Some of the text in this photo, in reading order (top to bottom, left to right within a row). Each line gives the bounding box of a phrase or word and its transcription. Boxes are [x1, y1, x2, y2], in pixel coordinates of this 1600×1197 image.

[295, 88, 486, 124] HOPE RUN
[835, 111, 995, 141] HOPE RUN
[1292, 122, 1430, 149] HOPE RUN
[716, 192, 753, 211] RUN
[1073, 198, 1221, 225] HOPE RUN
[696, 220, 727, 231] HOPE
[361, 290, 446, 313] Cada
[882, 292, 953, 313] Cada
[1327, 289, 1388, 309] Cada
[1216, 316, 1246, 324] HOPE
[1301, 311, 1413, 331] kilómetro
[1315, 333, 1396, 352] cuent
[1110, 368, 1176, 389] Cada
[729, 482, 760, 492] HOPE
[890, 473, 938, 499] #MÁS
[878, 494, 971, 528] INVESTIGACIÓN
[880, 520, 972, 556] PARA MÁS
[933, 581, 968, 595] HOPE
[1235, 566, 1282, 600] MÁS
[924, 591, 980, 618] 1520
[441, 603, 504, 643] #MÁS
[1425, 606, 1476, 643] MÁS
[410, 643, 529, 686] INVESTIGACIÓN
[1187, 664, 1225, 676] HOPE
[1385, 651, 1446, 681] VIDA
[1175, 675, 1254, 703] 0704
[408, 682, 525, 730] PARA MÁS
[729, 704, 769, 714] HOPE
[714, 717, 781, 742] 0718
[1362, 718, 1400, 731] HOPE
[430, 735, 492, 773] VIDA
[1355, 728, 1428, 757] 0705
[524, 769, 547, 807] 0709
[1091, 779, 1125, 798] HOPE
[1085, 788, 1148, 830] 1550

WHAT TO DO: All the lines above should appear again in the answer, exactly as written.

TASK RESPONSE:
Some of the text in this photo, in reading order (top to bottom, left to right within a row). Each line gives the bounding box of a phrase or word and its transcription. Boxes are [x1, y1, x2, y2], in pixel coordinates of this 1600×1197 image.

[295, 88, 486, 124] HOPE RUN
[835, 111, 995, 141] HOPE RUN
[1292, 122, 1430, 149] HOPE RUN
[716, 192, 753, 211] RUN
[1073, 198, 1221, 225] HOPE RUN
[696, 220, 727, 231] HOPE
[361, 290, 446, 313] Cada
[882, 292, 953, 313] Cada
[1327, 289, 1388, 309] Cada
[1216, 316, 1246, 324] HOPE
[1301, 311, 1413, 331] kilómetro
[1315, 333, 1396, 352] cuent
[1110, 368, 1176, 389] Cada
[729, 482, 760, 492] HOPE
[890, 473, 938, 499] #MÁS
[878, 494, 971, 528] INVESTIGACIÓN
[880, 520, 972, 556] PARA MÁS
[933, 581, 968, 595] HOPE
[1235, 566, 1282, 600] MÁS
[924, 591, 980, 618] 1520
[441, 603, 504, 643] #MÁS
[1425, 606, 1476, 643] MÁS
[410, 643, 529, 686] INVESTIGACIÓN
[1187, 664, 1225, 676] HOPE
[1385, 651, 1446, 681] VIDA
[1175, 675, 1254, 703] 0704
[408, 682, 525, 730] PARA MÁS
[729, 704, 769, 714] HOPE
[714, 717, 781, 742] 0718
[1362, 718, 1400, 731] HOPE
[430, 735, 492, 773] VIDA
[1355, 728, 1428, 757] 0705
[524, 769, 547, 807] 0709
[1091, 779, 1125, 798] HOPE
[1085, 788, 1148, 830] 1550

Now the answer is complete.